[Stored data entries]
-=-=-=-=-
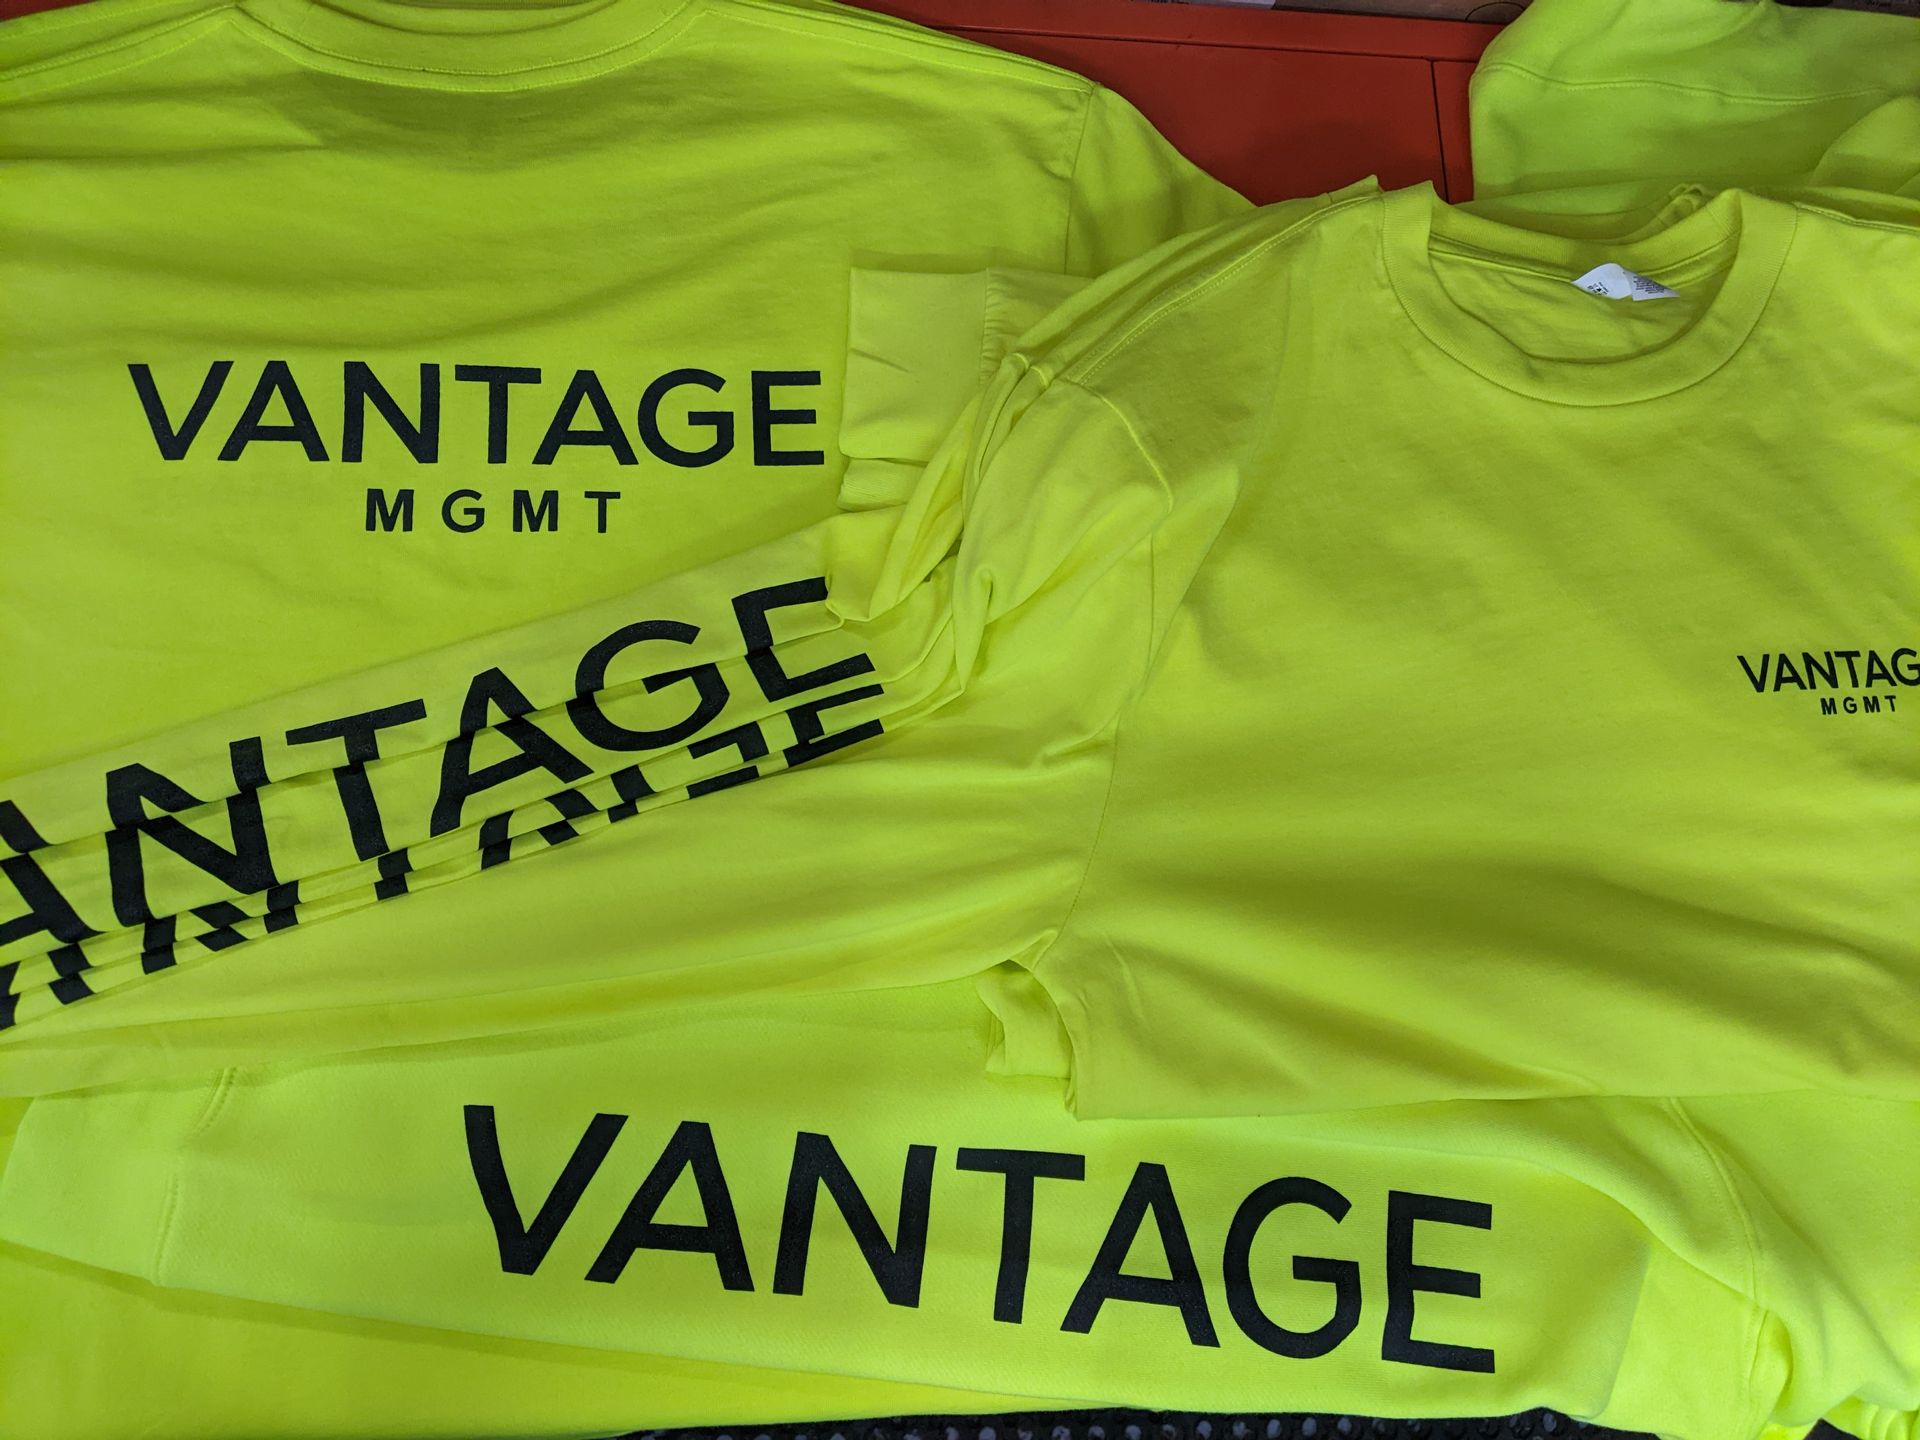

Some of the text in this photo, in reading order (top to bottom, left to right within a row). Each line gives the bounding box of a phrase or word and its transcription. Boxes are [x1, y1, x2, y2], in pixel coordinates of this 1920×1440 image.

[128, 361, 824, 467] VANTAGE
[366, 489, 620, 533] MGMT
[1737, 648, 1920, 692] VANTAG
[1820, 694, 1897, 715] MGMT
[464, 1105, 1496, 1373] VANTAGE
-=-=-=-=-
→ Activity
Exact copy, no pictures: please print the data above once more.

→ Answer to the problem
Some of the text in this photo, in reading order (top to bottom, left to right within a row). Each line gives the bounding box of a phrase or word and its transcription. Boxes are [x1, y1, x2, y2], in pixel coordinates of this 1920×1440 image.

[128, 361, 824, 467] VANTAGE
[366, 489, 620, 533] MGMT
[1737, 648, 1920, 692] VANTAG
[1820, 694, 1897, 715] MGMT
[464, 1105, 1496, 1373] VANTAGE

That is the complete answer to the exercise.